A key question is whether structural drivers exist to continue a longer-term rally. Extreme levels of government spending on infrastructure and green projects over the next decade could indeed create persistent demand for certain commodities. Also, the rapid shift to a digital economy has already created a shortage in perhaps the economy’s most important ‘commodity’: semiconductors.

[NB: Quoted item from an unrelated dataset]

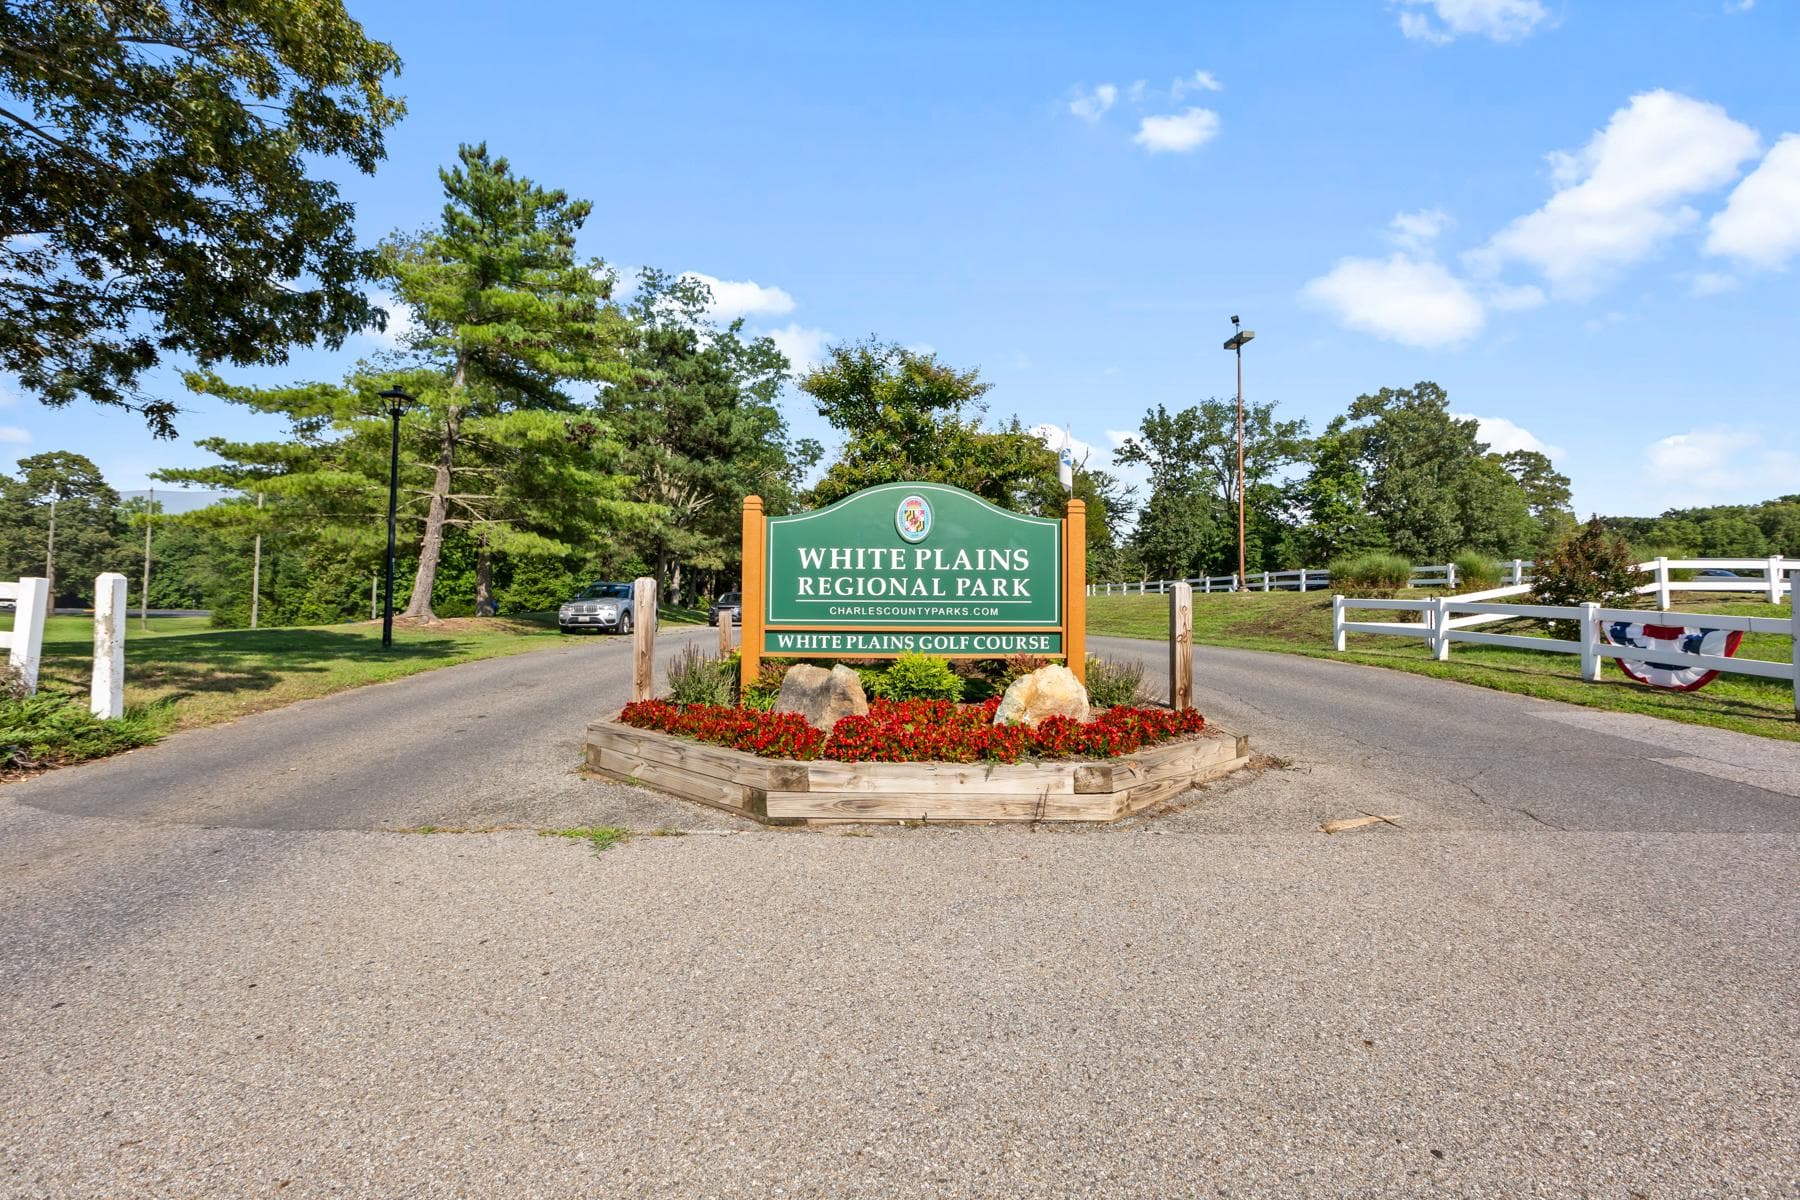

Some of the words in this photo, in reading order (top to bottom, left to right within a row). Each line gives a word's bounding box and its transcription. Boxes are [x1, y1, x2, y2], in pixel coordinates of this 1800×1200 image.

Several auto manufacturers have been forced to close factories or reduce production as they can’t secure enough semiconductors. This was followed by a warning from Samsung, that the smartphone industry could soon be next affected.

 

Overvalued bonds used to justify overvalued equities

As we head through February 2021, the market continues to ride a wave of liquidity and consensus optimism centered on a successful vaccine rollout and an assumption that loose monetary and fiscal policy will continue unabated.

 

Fundamental to the current market optimism are three factors:

• Valuations do not matter anymore
• Interest rates will stay low for an extended period
• Loose monetary and fiscal policy combined with the COVID-19 vaccine will see a return to the investment environment of the prior 5 years

Firstly, valuations matter. Equity markets have moved to ever higher valuations driven by growth stocks with low interest rates used to justify such positions. Overvalued bonds are being used to justify stretched equity valuations providing a fragile market environment. Whilst not our base (short-term) case, any signs of further inflationary pressure could challenge this complacency within growth investing. We saw rates widen through the end of last year, causing growth stocks to sell off. The nominal yield on the US 10-year rose to 1.14 in January and has since come back to around 1%. Real yields remain negative on the US 10-year. It is reasonable to expect signs of an economic recovery, underpinned by a successful vaccine rollout, to push yields higher causing expensive growth stocks to come under pressure.

A reversal of monetary policy remains unlikely given economic growth remains fragile and, whilst vaccine distribution is progressing steadily, we are also seeing production being disrupted at some sites. These production issues will be resolved but the market, as it so often does, is underplaying the risks in executing a global vaccine program. In summary, returns are likely to be lower over the medium-term given there is little room for interest rates and bond yields to fall whilst the efficacy of fiscal stimulus inevitably wanes over time in our heavily indebted world.